Veillée d’armes

 

 

La lueur des flambeaux vacille au sanctuaire

L’écuyer solitaire y poursuit sa veillée

Selon le rite au pied des marches de l’autel.

« Quand le matin viendra dans sa clarté prochaine

Je serai, dans le faste et les solennités,

 

Choisi d’un coup d’épée pour la troupe des preux.
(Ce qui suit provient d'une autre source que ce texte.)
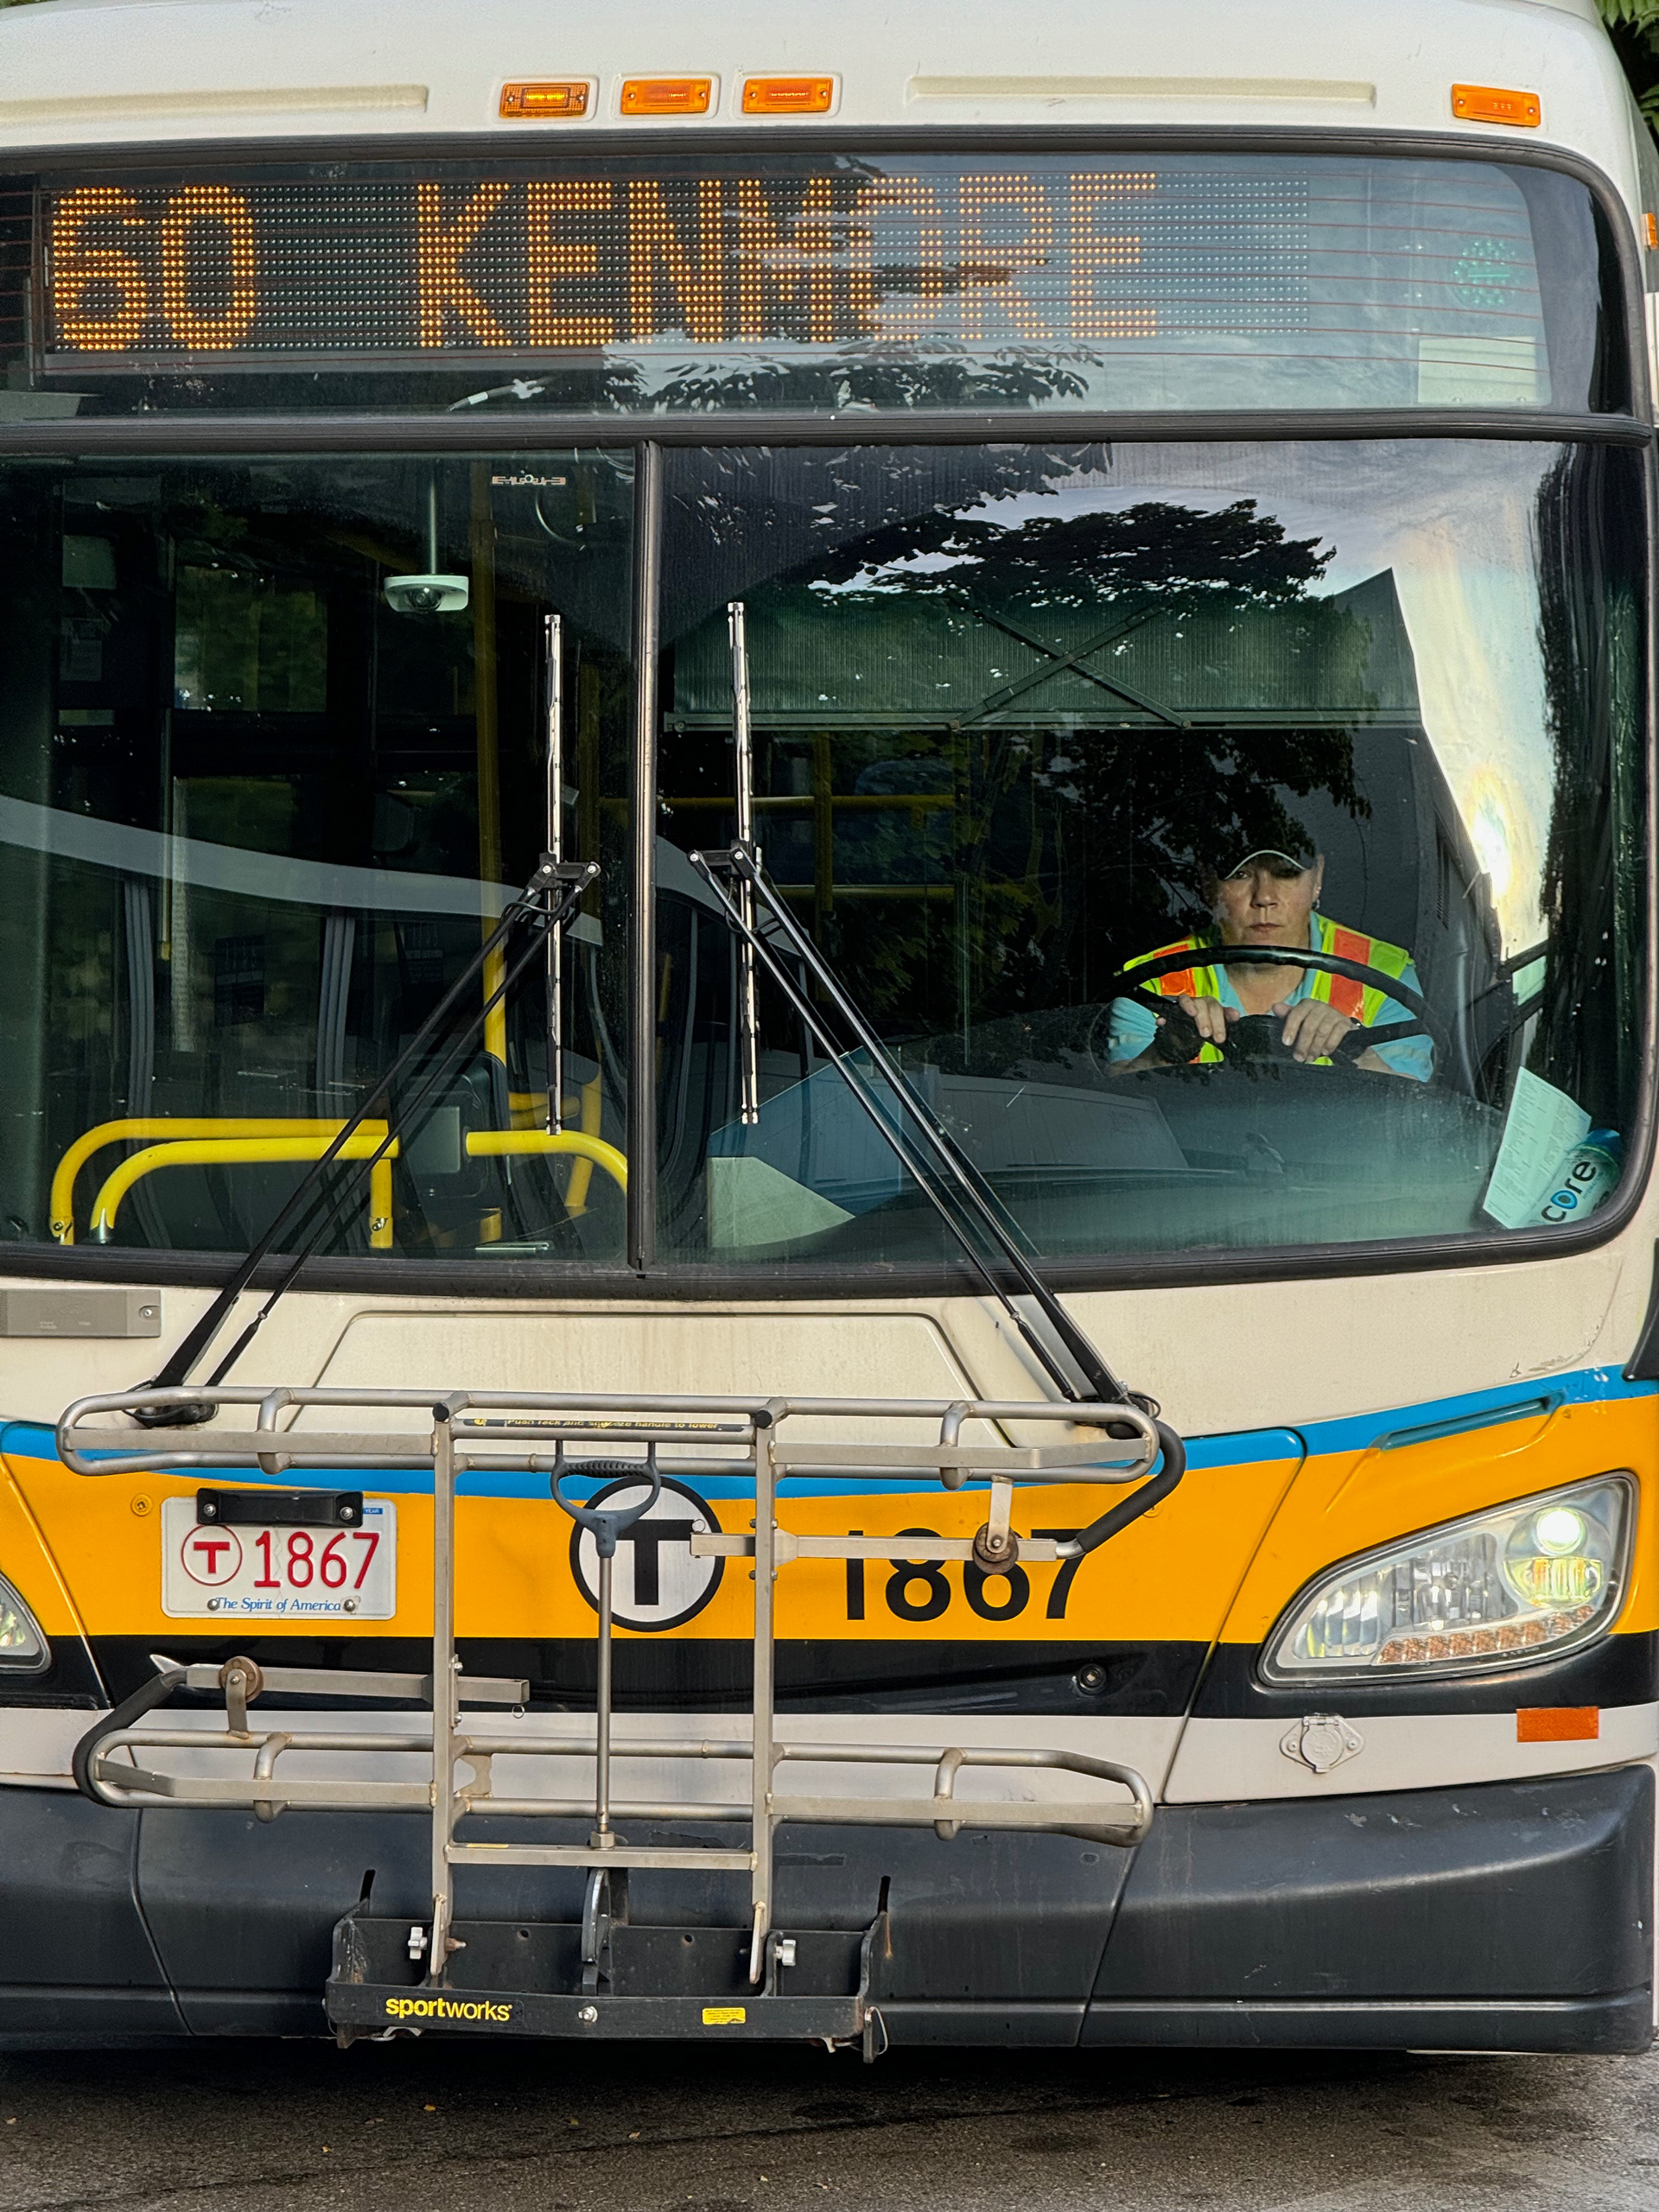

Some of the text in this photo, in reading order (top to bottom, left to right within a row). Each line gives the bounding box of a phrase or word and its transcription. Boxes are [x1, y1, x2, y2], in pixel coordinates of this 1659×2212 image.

Mes voix et mes désirs d’enfant ont fait silence

Vouant au devoir strict mes éperons, ma lance,

Je serai le soldat qui fait les justes guerres.

 

Il me faut être prêt et digne de ce choix

Qui met la marque sainte à mon glaive sans tache

Devant le Dieu du tabernacle et cette tombe

Témoin de la valeur exacte des héros. »

 

L’ancêtre reposait, sculpté de pierre grise

Sous de sveltes arceaux où s’enroulaient des fleurs

Immobile, les mains jointes et confiantes

Un drapeau déployé recouvrait sa poitrine ;

 

La visière du heaume obscurcit son regard

Et debout un archange, élargissant ses ailes,

Tenait à son chevet son écu blasonné :

Champ uni traversé de lame flamboyante.

 

Il prie avec ferveur Celui qui règne au ciel

Brisant le cercle étroit des formules apprises

Les mains pieusement ramenées sur sa face :

 

Mais peu à peu, dans la texture de ses songes

Il voit s’insinuer une forme terrestre.

 

« Elle était au jardin, parmi les romarins,

Moins encore une jeune fille qu’une enfant,

Je vis sur ses cheveux briller des flocons d’or

Et des astres brodés sur sa robe aux longs plis ».

 

Il frissonne et dans sa frayeur, il voudrait fuir

L’image qui n’est plus pour lui que tentatrice

Il enfonce ses doigts dans l’épaisseur des boucles

Fait le signe éprouvé qui conjure Satan.

 

À son front sont montées la rougeur et la fièvre

Et les cierges sur lui ont dardé leurs éclairs

Alors il aperçoit sur le sein de la Vierge

Le Rédempteur du monde assis, les bras ouverts.

 

« Non, je serai ton serviteur et ton soldat.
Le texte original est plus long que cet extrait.